Algunas de las tantas disposiciones de Joshua Abraham Norton el “protector de México” y autoproclamado emperador de EU volviendo de su autoimpuesto exilio, fue el sufrir un disgusto al ver las vicisitudes de los sistemas legal y político de los Estados Unidos. Así que hizo lo único que podía hacer, enviar la siguiente proclama a la redacción del San Francisco Bulletin:
“En la petición y el deseo perentorio de una gran mayoría de los ciudadanos de estos Estados Unidos, yo, Joshua Norton, antes de la Bahía de Algoa, del Cabo de Buena Esperanza, y ahora por los pasados nueve años y 10 meses de San Francisco, California, me declaro y proclamo emperador de estos Estados Unidos; y en virtud de la autoridad de tal modo investida en mí, por este medio dirijo y ordeno a los representantes de los diferentes Estados de la Unión a constituirse en asamblea en la Sala de Conciertos de esta ciudad, el primer día de febrero próximo, allí y entonces se realizarán tales alteraciones en las leyes existentes de la Unión como para mitigar los males bajo los cuales el país está trabajando, y de tal modo justificar la confianza que existe, tanto en el país como en el extranjero, en nuestra estabilidad e integridad.”
El hombre se proclamó emperador el 17 de septiembre de 1859, y la gente le siguió el juego. Una semana más tarde, un segundo decreto hacía saber que a causa de la corrupción en las altas esferas el presidente era destituido y disuelto el Congreso. A partir de aquel momento gobernaría él personalmente.
“En vista de que un grupo de hombres que se llaman a sí mismos Congreso están ejerciendo en este momento en la ciudad de Washington, violando el edicto imperial del 12 de octubre, se declara abolido y que este decreto debe ser cumplido a cabalidad. Entonces, se le ordena al comandante en jefe de las fuerzas militares, general Scott al momento de terminado este decreto, al mando de las fuerzas necesarias desalojar las salas del Congreso.”

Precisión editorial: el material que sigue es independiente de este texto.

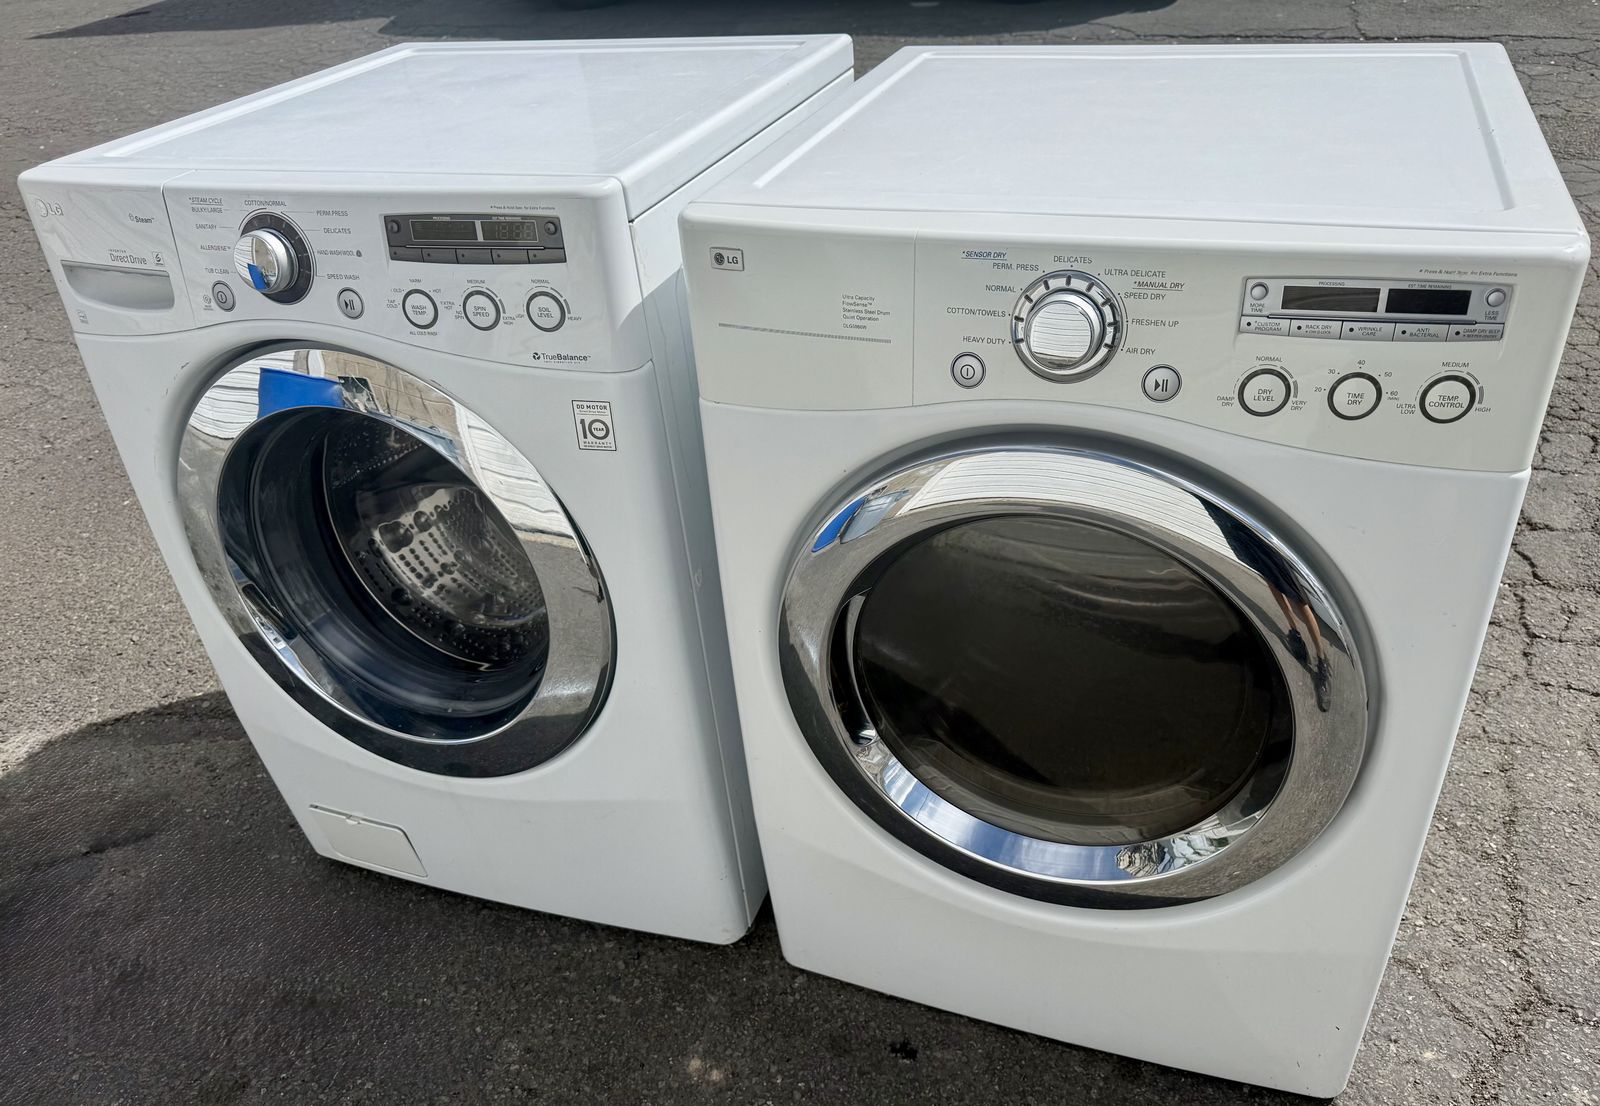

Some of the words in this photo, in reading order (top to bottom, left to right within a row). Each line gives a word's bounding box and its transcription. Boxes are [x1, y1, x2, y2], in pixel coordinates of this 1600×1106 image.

[47, 202, 64, 216] LG
[727, 256, 738, 264] LG
[1053, 256, 1092, 264] DELICATES
[992, 262, 1013, 270] PERM.
[1016, 263, 1040, 272] PRESS
[1104, 268, 1128, 276] ULTRA
[1130, 270, 1166, 278] DELICATE
[985, 284, 1016, 292] NORMAL
[1124, 291, 1148, 300] SPEED
[1150, 292, 1166, 300] DRY
[946, 306, 1006, 318] COTTON/TOWELS
[1131, 318, 1166, 326] FRESHEN
[962, 335, 986, 344] HEAVY
[986, 336, 1006, 344] DUTY
[580, 419, 609, 440] 10

A lo largo de los años, Norton I lanzó varias proclamas, las cuales iban de lo ridículo –establecer una multa de 25 dólares a quienquiera que tras haber sido advertido se refiriese a la ciudad con el nombre de Frisco– a lo visionario –ordenar la construcción de un puente colgante que uniese Oakland y San Francisco sin interrumpir la navegación en la bahía, justo en el lugar ocupado hoy día por el Golden Gate–, pasando por varios divertidos o curiosos –disolver a los partidos Republicano y Demócrata o autonombrarse Protector de México–.

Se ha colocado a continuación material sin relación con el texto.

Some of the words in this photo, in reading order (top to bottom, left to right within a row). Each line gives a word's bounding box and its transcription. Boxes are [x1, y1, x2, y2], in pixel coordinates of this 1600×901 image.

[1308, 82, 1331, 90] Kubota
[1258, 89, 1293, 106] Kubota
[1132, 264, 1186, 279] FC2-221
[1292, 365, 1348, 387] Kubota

“Dada la incapacidad de los mexicanos de regir sus propios asuntos, yo, Norton I, asumo el papel de Protector de México.”
El emperador Norton tenía su corte en un edificio gris de habitaciones de alquiler, con retratos de Napoleón y la reina Victoria (con quien se dice mantuvo correspondencia) colgados de la pared. Por las tardes se paseaba por las calles seguido de dos perros mestizos llamados Lazaro y Bummer correspondiendo con toda seriedad a las reverencias de sus súbditos, inspeccionando las alcantarillas y comprobando los horarios de los autobuses. Iba a una iglesia diferente cada domingo, con el fin de evitar celos entre las diversas sectas.
Si bien sus decretos y proclamas rara vez eran tomados en serio y Norton siguió llevando una vida simple, y aunque no tenía poder político y su influencia se extendía solamente tan lejos como le fue complacido por aquellos alrededor de él, durante el resto de su vida comió siempre en los mejores restaurantes a cuenta de la casa, e incluso tenía un asiento reservado en los teatros de la ciudad (de hecho, se dice que ninguna obra o concierto se atrevía a abrir sin antes haber predispuesto asientos para Norton y sus dos perros).
Cuando Norton I entraba en la ópera, todos los demás asistentes se ponían en pie y guardaban silencio hasta que se sentaba. Por supuesto, al ser emperador, tomó medidas para hacer del suyo un país mejor, tales como abolir una compañía ferroviaria por haber tenido la desfachatez de no invitarle a comer gratis en uno de sus vagones… Por suerte la compañía rectificó, proporcionándole un pase vitalicio y disculpándose públicamente.
Continuará…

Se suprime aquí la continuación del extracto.